The couple also hadn’t finished furnishing the kitchen, so they didn’t yet have a microwave or any cookware, just a few utensils. Group members quickly jumped into action, however. Several commenters shared places where one can typically find a microwave to use: truck stops, gas stations, some community centers, public university lounges and libraries. 

Then, as always, people provided some really great recommendations on how to find food for cheap and utilize it well. There are so many ways to stretch basics if you know how and these groups are about making sure everyone does. Menus suggestions abound for multiple meals made from just a few ingredients. Have flour tortillas, a few cans of black beans, some cheap jarred salsa and eggs? You could make black bean quesadillas, breakfast tacos, black bean soup topped with tortilla chips, chips and black bean dip and huevos rancheros

When you do and decide to post photographs of your creations there, you’ll be sure to find a tremendous amount of support — which is actually the second element that I find so magical about these groups. 

Recently, someone posted a photograph in a struggle meals group of a dish they’d made: instant white rice tossed with jarred Alfredo sauce and some canned tuna. The poster, a man in his mid-30s, called it his “struggle casserole.” It was unapologetically processed, very beige and haphazardly scooped into a paper cereal bowl under a fluorescent kitchen light — essentially bait for anyone who likes to food shame. Here, however, the actual responses were different. 

“Here you dropped this, king,” one commenter wrote, punctuating their thought with a crown emoji. Another said, “Man, that looks bomb. If you ever make it again, a 99-cent bag of frozen peas takes it to the next level.” 

Observing those moments of quiet recognition — little exchanges that, each in their own way, communicate “I see you doing your best and it’s beautiful even if it’s all very hard” — remind me of KC Davis’ “How To Keep House While Drowning: A Gentle Approach to Cleaning and Organizing.” One of the main tenets of the book is that care tasks are morally neutral, which means that mess has no inherent meaning. 

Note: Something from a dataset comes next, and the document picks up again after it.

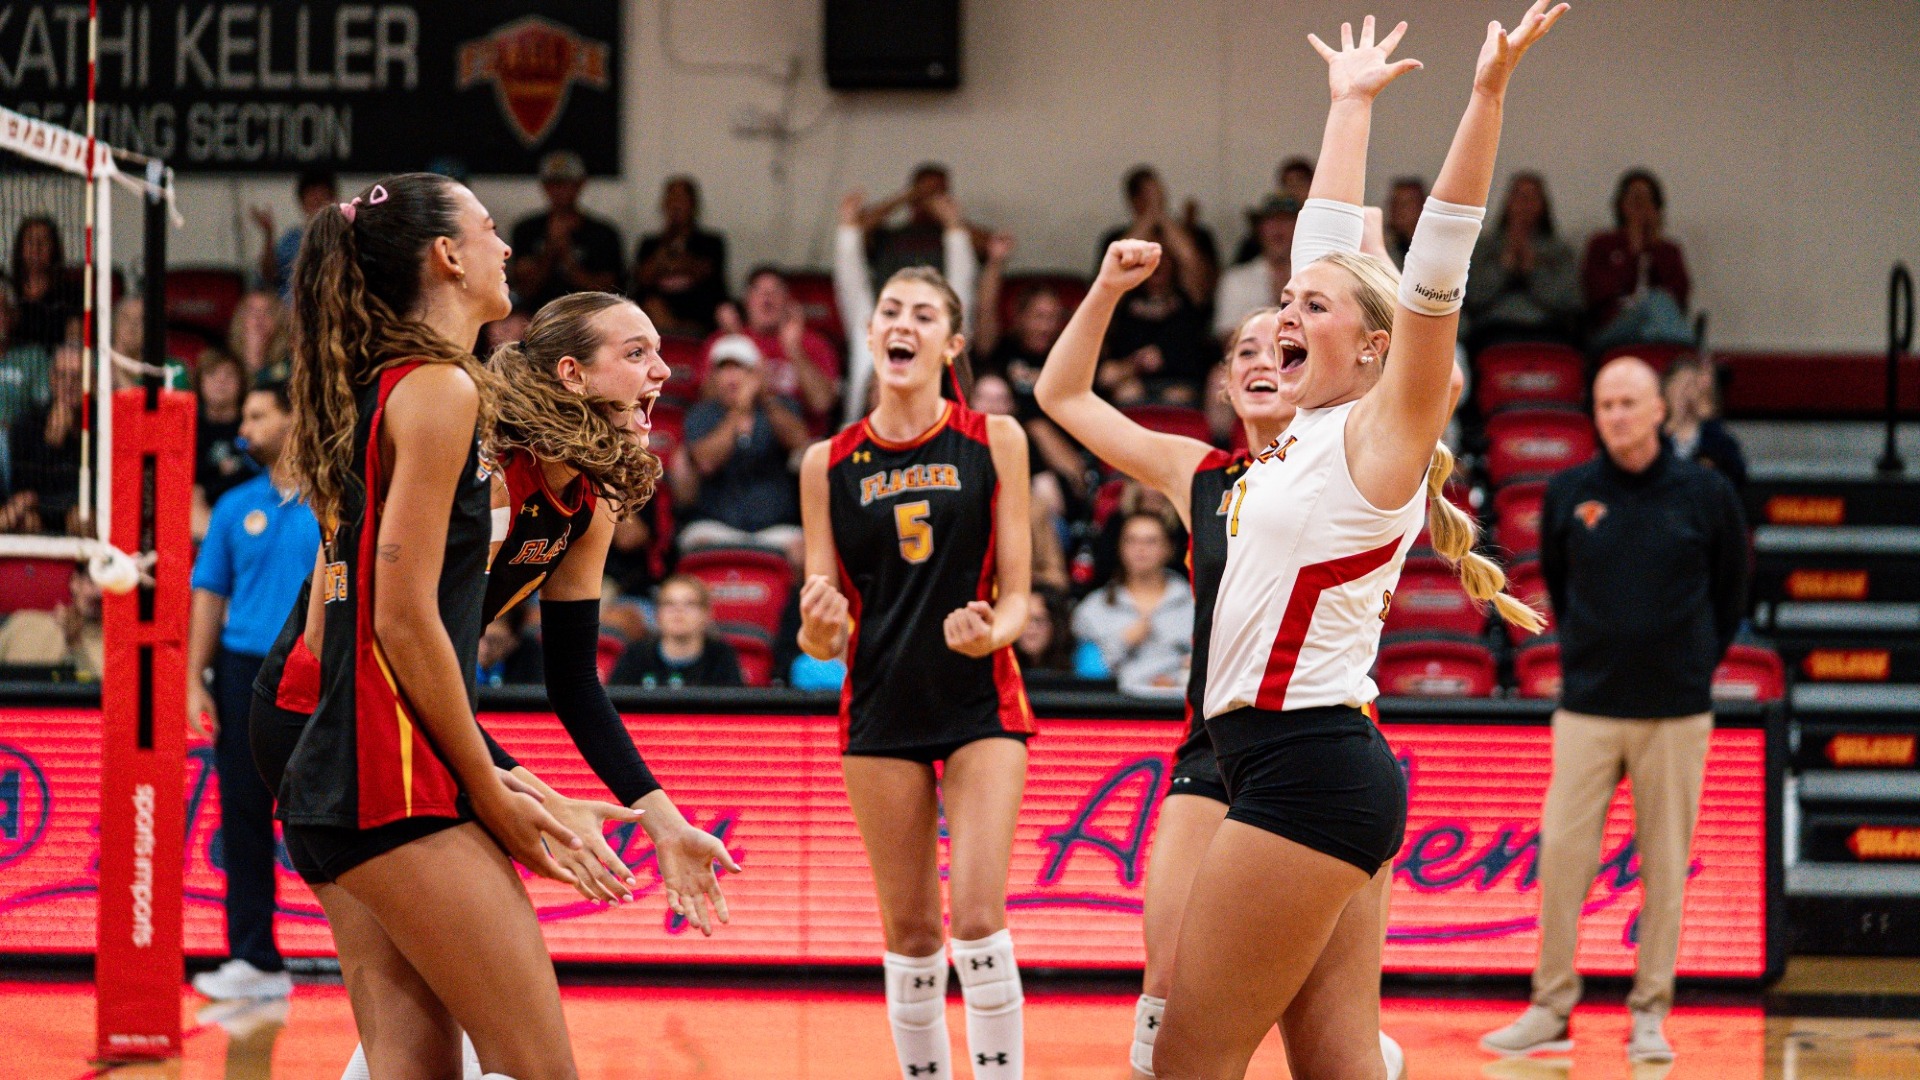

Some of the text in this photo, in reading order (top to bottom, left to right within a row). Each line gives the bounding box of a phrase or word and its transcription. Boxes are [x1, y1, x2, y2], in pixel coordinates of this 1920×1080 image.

“When you look at a pile of dishes i the sink and think, ‘I’m such a failure,’ that message did not originate from the dishes,” Davis writes. “Dishes don’t think. Dishes don’t judge. Dishes cannot make meaning — only people can.” 

Camaraderie has a really potent way of mitigating shame. 

Living in a country whose DNA is heavily interwoven with “by-the-bootstraps” myth-making, it’s easy to feel that things like struggle meals should be a source of hidden shame because they denote some kind of failure. Failure to save, failure to launch, failure to thrive. It ties into the cultural stereotypes perpetuated about people in living poverty — that they are somehow inherently lazier or less intelligent than those in a higher income bracket. 

But, as Davis writes, the food we eat cannot judge us, only people can. Simultaneously, camaraderie has a really potent way of mitigating shame. That, to me, is what we at large can learn from these  struggle meal groups. So much of food media is aspirational to the point that it becomes really easy to feel like you aren’t quite measuring up. And, if the pandemic taught us anything, it’s that sometimes just surviving is struggle enough. That ties into the rest of Davis’ point. She argues that if care tasks, like cooking and cleaning, are morally neutral, then “good enough is perfect.” 

“‘Good enough is good enough’ sounds like settling for less,” she wrote. “‘Good enough is perfect’ means having boundaries and reasonable expectations.” 

In the realm of housekeeping, that may mean leaving the dishes in the sink overnight or realizing that you will always have a junk drawer and that neither of those things makes you a bad person. And in the realm of cooking, it means that some weeks, when money is tight or your energy is depleted, dinner is going to look like Top Ramen, a tortilla topped with peanut butter or a scoop of struggle casserole. 

That doesn’t make you lazy or pathetic or otherwise morally lacking. It just means that you’re struggling, and when you’re struggling — good enough is perfect.